*DATA RECORDS*.
+===+
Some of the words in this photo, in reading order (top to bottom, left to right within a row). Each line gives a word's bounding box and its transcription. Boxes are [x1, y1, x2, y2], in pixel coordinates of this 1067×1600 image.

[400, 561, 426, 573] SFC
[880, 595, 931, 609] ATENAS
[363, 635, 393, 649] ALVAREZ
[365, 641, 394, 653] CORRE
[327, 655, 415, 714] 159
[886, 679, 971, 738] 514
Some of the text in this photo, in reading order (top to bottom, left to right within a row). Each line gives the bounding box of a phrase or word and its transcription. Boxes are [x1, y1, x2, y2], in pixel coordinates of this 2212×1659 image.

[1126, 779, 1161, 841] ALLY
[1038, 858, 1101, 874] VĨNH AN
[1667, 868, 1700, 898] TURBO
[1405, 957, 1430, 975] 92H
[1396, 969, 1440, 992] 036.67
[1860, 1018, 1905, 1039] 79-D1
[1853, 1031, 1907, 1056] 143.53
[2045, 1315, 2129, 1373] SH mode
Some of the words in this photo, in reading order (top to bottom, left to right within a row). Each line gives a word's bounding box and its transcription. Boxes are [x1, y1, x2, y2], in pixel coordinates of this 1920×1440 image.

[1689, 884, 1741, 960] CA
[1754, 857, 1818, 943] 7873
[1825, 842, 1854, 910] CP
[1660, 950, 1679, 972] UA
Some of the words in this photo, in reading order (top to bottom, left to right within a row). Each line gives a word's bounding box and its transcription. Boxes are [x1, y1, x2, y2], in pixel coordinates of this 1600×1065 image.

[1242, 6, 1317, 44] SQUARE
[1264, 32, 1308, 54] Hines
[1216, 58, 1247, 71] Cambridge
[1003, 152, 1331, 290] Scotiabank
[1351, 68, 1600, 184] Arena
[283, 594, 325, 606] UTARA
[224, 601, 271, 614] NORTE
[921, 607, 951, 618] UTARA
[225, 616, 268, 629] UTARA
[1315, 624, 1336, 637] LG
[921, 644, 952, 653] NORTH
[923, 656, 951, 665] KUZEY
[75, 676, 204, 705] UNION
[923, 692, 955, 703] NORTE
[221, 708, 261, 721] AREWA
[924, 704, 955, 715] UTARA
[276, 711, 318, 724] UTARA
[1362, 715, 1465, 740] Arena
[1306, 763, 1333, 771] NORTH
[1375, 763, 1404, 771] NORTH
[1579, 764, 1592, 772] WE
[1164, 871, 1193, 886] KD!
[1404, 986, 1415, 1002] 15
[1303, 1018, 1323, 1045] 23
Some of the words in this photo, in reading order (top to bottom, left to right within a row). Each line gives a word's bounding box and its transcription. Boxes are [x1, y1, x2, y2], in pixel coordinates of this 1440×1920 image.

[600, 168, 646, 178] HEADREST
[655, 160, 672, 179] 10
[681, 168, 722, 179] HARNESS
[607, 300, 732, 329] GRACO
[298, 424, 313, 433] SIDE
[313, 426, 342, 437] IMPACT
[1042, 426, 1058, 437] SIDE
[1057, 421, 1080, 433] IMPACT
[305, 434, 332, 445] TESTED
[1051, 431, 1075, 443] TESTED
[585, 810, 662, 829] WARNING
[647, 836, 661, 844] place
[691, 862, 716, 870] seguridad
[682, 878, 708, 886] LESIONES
+===+
*YOUR INSTRUCTIONS*. An exact copy of all the records is the expected answer.

*RESULT FOR THIS TASK*.
Some of the words in this photo, in reading order (top to bottom, left to right within a row). Each line gives a word's bounding box and its transcription. Boxes are [x1, y1, x2, y2], in pixel coordinates of this 1067×1600 image.

[400, 561, 426, 573] SFC
[880, 595, 931, 609] ATENAS
[363, 635, 393, 649] ALVAREZ
[365, 641, 394, 653] CORRE
[327, 655, 415, 714] 159
[886, 679, 971, 738] 514
Some of the text in this photo, in reading order (top to bottom, left to right within a row). Each line gives the bounding box of a phrase or word and its transcription. Boxes are [x1, y1, x2, y2], in pixel coordinates of this 2212×1659 image.

[1126, 779, 1161, 841] ALLY
[1038, 858, 1101, 874] VĨNH AN
[1667, 868, 1700, 898] TURBO
[1405, 957, 1430, 975] 92H
[1396, 969, 1440, 992] 036.67
[1860, 1018, 1905, 1039] 79-D1
[1853, 1031, 1907, 1056] 143.53
[2045, 1315, 2129, 1373] SH mode
Some of the words in this photo, in reading order (top to bottom, left to right within a row). Each line gives a word's bounding box and its transcription. Boxes are [x1, y1, x2, y2], in pixel coordinates of this 1920×1440 image.

[1689, 884, 1741, 960] CA
[1754, 857, 1818, 943] 7873
[1825, 842, 1854, 910] CP
[1660, 950, 1679, 972] UA
Some of the words in this photo, in reading order (top to bottom, left to right within a row). Each line gives a word's bounding box and its transcription. Boxes are [x1, y1, x2, y2], in pixel coordinates of this 1600×1065 image.

[1242, 6, 1317, 44] SQUARE
[1264, 32, 1308, 54] Hines
[1216, 58, 1247, 71] Cambridge
[1003, 152, 1331, 290] Scotiabank
[1351, 68, 1600, 184] Arena
[283, 594, 325, 606] UTARA
[224, 601, 271, 614] NORTE
[921, 607, 951, 618] UTARA
[225, 616, 268, 629] UTARA
[1315, 624, 1336, 637] LG
[921, 644, 952, 653] NORTH
[923, 656, 951, 665] KUZEY
[75, 676, 204, 705] UNION
[923, 692, 955, 703] NORTE
[221, 708, 261, 721] AREWA
[924, 704, 955, 715] UTARA
[276, 711, 318, 724] UTARA
[1362, 715, 1465, 740] Arena
[1306, 763, 1333, 771] NORTH
[1375, 763, 1404, 771] NORTH
[1579, 764, 1592, 772] WE
[1164, 871, 1193, 886] KD!
[1404, 986, 1415, 1002] 15
[1303, 1018, 1323, 1045] 23
Some of the words in this photo, in reading order (top to bottom, left to right within a row). Each line gives a word's bounding box and its transcription. Boxes are [x1, y1, x2, y2], in pixel coordinates of this 1440×1920 image.

[600, 168, 646, 178] HEADREST
[655, 160, 672, 179] 10
[681, 168, 722, 179] HARNESS
[607, 300, 732, 329] GRACO
[298, 424, 313, 433] SIDE
[313, 426, 342, 437] IMPACT
[1042, 426, 1058, 437] SIDE
[1057, 421, 1080, 433] IMPACT
[305, 434, 332, 445] TESTED
[1051, 431, 1075, 443] TESTED
[585, 810, 662, 829] WARNING
[647, 836, 661, 844] place
[691, 862, 716, 870] seguridad
[682, 878, 708, 886] LESIONES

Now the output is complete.